The wider Asian squat means that your hip abductors and adductors are more involved, which, for some people, may mean it’s a more beneficial exercise.
How to do it:
- Stand with your feet a little more than shoulder-width apart, toes turned slightly outward.
- Bend your legs, push your knees out, and squat down until your hamstrings are resting on your calves.
- Hold this position for 10 to 20 seconds. Make sure your heels stay flat on the floor, and your buttocks are as low as possible.
- Stand up, rest a moment, and then repeat as necessary.
- If lack of balance is a problem, do this exercise next to a wall or while holding onto a waist-high support.
6. Sissy squat
Like deep knee bends, sissy squats involve a large range of motion at the knees while balancing on your toes. However, where deep knee bends are mostly a mobility exercise, the sissy squat is more of a muscle-building exercise. That said, these two exercises involve similar movements and are both excellent for improving balance.
How to do it:
- Stand next to a wall or some other object you can use for balance.
- Rise up onto your tiptoes.
- Push your hips and knees forward and squat down as you simultaneously lean back. Descend as far as you can, ideally until your shins are roughly parallel to the floor.
- Drive your toes into the floor and stand back up.
- Tense your quads and glutes at the top of each rep and repeat.
7. Pistol squat
This pistol squat is a deep single-leg squat. As such, it’s a useful progression if you’ve mastered deep knee bends and are looking for a way to develop strength as well as balance and mobility. Be warned – this is a challenging exercise, so don’t be surprised if you don’t get it right away. If necessary, you can use your arms for assistance to make it more manageable.
How to do it:
- Stand with your feet together and raise your arms out in front of you for balance.
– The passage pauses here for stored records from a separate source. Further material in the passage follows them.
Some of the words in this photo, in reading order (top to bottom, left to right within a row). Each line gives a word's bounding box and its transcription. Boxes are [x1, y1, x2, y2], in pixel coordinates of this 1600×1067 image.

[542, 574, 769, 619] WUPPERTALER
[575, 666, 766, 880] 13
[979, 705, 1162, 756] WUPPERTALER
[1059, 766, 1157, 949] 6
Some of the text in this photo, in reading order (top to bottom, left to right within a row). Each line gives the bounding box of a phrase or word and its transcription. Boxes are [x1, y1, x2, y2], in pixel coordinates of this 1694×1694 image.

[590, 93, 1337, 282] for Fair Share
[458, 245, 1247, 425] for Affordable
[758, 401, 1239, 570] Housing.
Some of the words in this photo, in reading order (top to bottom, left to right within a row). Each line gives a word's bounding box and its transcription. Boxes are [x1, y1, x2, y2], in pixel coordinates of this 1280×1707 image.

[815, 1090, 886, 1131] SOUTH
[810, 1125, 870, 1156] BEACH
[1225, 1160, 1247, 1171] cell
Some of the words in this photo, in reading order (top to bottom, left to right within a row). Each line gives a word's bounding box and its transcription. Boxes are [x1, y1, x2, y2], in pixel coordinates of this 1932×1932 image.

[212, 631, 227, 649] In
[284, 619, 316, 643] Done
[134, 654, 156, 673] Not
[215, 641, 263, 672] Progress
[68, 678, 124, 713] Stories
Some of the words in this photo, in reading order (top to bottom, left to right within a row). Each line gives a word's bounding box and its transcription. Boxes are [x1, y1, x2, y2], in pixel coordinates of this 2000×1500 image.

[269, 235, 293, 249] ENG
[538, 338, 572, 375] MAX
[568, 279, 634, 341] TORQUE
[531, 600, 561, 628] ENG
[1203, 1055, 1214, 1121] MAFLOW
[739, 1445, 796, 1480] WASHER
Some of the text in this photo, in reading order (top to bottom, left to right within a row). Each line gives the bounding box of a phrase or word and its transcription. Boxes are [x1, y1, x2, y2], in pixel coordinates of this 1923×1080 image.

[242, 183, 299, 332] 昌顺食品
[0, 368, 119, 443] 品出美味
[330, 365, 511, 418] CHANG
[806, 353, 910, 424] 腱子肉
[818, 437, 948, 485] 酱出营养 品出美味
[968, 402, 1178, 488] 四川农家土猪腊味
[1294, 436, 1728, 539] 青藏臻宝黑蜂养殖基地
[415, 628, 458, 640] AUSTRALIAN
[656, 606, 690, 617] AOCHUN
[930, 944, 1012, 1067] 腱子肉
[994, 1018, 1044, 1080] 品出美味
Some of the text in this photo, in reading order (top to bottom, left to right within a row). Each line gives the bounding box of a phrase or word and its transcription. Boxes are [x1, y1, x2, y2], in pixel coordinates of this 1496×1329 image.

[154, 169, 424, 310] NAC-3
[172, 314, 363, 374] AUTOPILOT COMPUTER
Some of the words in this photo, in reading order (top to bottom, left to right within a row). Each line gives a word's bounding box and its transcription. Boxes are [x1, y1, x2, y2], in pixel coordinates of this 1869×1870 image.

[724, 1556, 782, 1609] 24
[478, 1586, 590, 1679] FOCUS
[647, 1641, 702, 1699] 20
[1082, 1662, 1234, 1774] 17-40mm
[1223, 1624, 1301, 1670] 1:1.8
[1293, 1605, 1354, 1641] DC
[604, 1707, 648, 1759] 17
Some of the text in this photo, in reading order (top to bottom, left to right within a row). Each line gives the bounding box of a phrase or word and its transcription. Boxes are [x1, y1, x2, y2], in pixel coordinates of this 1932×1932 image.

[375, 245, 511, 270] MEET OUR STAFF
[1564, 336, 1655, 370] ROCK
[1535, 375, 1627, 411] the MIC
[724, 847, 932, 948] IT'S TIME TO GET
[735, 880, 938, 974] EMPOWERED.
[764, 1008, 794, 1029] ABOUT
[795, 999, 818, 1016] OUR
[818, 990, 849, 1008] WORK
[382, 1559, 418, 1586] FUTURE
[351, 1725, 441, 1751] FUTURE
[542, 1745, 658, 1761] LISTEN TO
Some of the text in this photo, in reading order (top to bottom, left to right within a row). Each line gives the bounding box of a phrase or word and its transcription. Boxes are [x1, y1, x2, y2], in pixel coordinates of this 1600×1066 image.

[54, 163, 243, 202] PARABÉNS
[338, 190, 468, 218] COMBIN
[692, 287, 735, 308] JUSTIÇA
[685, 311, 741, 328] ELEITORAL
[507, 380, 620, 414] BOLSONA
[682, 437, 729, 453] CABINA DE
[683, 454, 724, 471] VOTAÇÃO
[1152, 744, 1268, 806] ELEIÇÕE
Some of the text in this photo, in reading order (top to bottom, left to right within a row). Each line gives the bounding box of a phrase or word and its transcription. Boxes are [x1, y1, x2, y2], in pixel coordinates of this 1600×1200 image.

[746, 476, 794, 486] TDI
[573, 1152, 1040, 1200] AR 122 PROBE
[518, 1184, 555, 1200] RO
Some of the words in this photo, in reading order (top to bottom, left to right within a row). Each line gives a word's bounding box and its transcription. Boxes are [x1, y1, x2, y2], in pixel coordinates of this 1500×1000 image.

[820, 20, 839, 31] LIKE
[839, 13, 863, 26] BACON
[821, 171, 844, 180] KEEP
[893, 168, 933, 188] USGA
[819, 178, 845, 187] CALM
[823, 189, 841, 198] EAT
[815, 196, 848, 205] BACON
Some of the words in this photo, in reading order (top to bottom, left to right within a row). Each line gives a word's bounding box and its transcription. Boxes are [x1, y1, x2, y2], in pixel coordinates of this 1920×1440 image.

- Shift your weight onto one leg. Bend your supporting knee and squat all the way down while keeping your other leg extended out in front of you. Keep your torso as upright as possible.
- Keeping your arms extended in front of you, drive your foot into the floor and stand back up.
- Repeat for the desired number of repetitions and then do the same number of reps with the opposite leg.
Deep Knee Bends – Wrapping Up
The deep knee bend used to be a staple exercise performed by physical culturists the world over. It also used to be a movement that most people did many times a day. However, it’s gradually been replaced by parallel squats, leg presses, etc., and, as such, the deep knee bend has lost much of its popularity.
In fact, if you do deep knee bends, you may even be told that you are “squatting wrong” or that you are going to hurt your knees, neither of which is true.
There is a saying in fitness: use it or lose it. If you want to maintain your ability to squat deep and move your joints through their fullest range of motion, that’s what you need to do in training.
So, if you want to preserve your mobility and balance, you need to use those fitness components in your workouts. Deep knee bends are one way to do this.
Deep knee bends are a highly beneficial exercise but be warned, if you aren’t used to them, doing too many too soon could leave you with sore knees.
That said, providing you’ve got healthy joints and introduce them gradually, the deep knee bend could be ideal exercise to restore and maintain lower body mobility and balance.